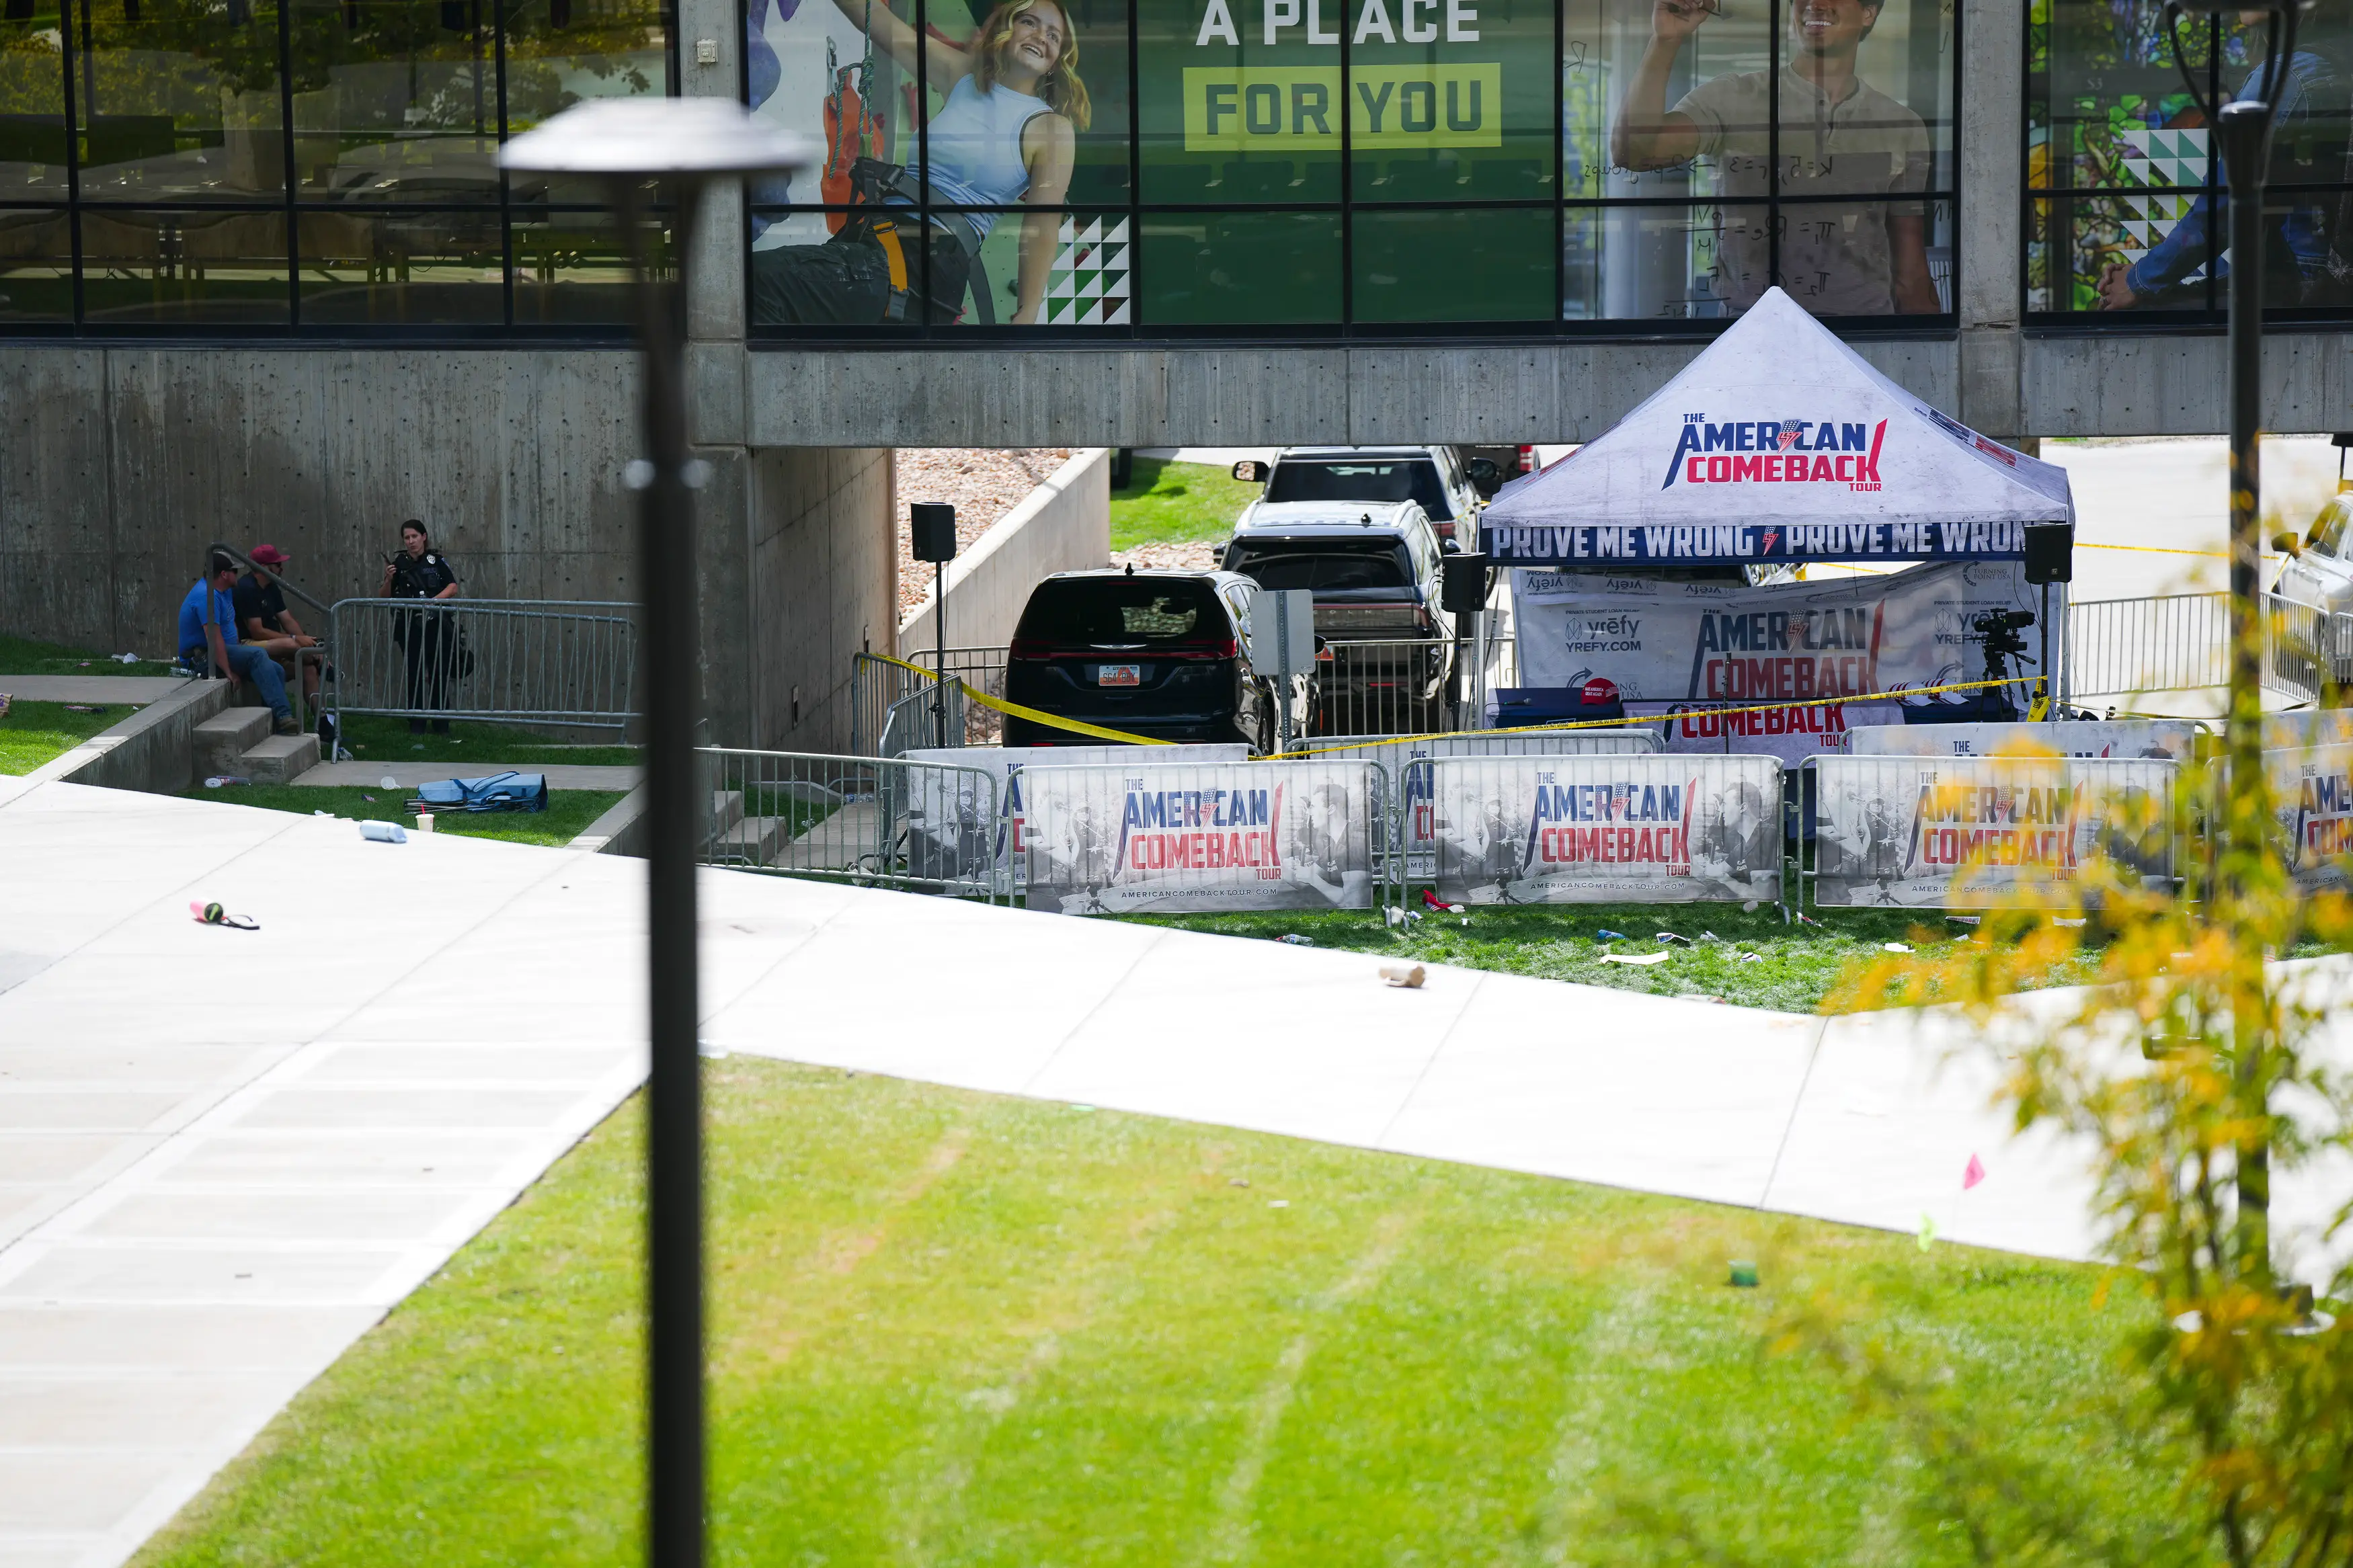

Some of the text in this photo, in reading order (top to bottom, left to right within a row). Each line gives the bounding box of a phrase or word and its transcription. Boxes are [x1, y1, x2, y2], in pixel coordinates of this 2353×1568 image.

[1196, 0, 1479, 45] A PLACE
[1206, 80, 1482, 135] FOR YOU
[1683, 413, 1705, 423] THE
[1848, 483, 1882, 491] TOUR
[1492, 522, 2031, 558] PROVE ME WRONG PROVE ME WRON
[1566, 641, 1642, 653] YREFY.COM
[1953, 741, 1970, 752] THE
[2301, 764, 2316, 777] THE
[1125, 778, 1143, 790] THE
[1537, 772, 1554, 784] THE
[1921, 772, 1938, 784] THE
[1256, 868, 1281, 880] TOUR
[1665, 864, 1691, 876] TOUR
[2052, 868, 2077, 880] TOUR
[1121, 889, 1277, 898] AMERICANCOMEBACKTOUR.COM

------------------------------------------------------------------------

**Problem to solve:** Each line of the data above should be reproduced without alteration, and no picture should appear in the copy.

**Worked solution:**
Some of the text in this photo, in reading order (top to bottom, left to right within a row). Each line gives the bounding box of a phrase or word and its transcription. Boxes are [x1, y1, x2, y2], in pixel coordinates of this 2353×1568 image.

[1196, 0, 1479, 45] A PLACE
[1206, 80, 1482, 135] FOR YOU
[1683, 413, 1705, 423] THE
[1848, 483, 1882, 491] TOUR
[1492, 522, 2031, 558] PROVE ME WRONG PROVE ME WRON
[1566, 641, 1642, 653] YREFY.COM
[1953, 741, 1970, 752] THE
[2301, 764, 2316, 777] THE
[1125, 778, 1143, 790] THE
[1537, 772, 1554, 784] THE
[1921, 772, 1938, 784] THE
[1256, 868, 1281, 880] TOUR
[1665, 864, 1691, 876] TOUR
[2052, 868, 2077, 880] TOUR
[1121, 889, 1277, 898] AMERICANCOMEBACKTOUR.COM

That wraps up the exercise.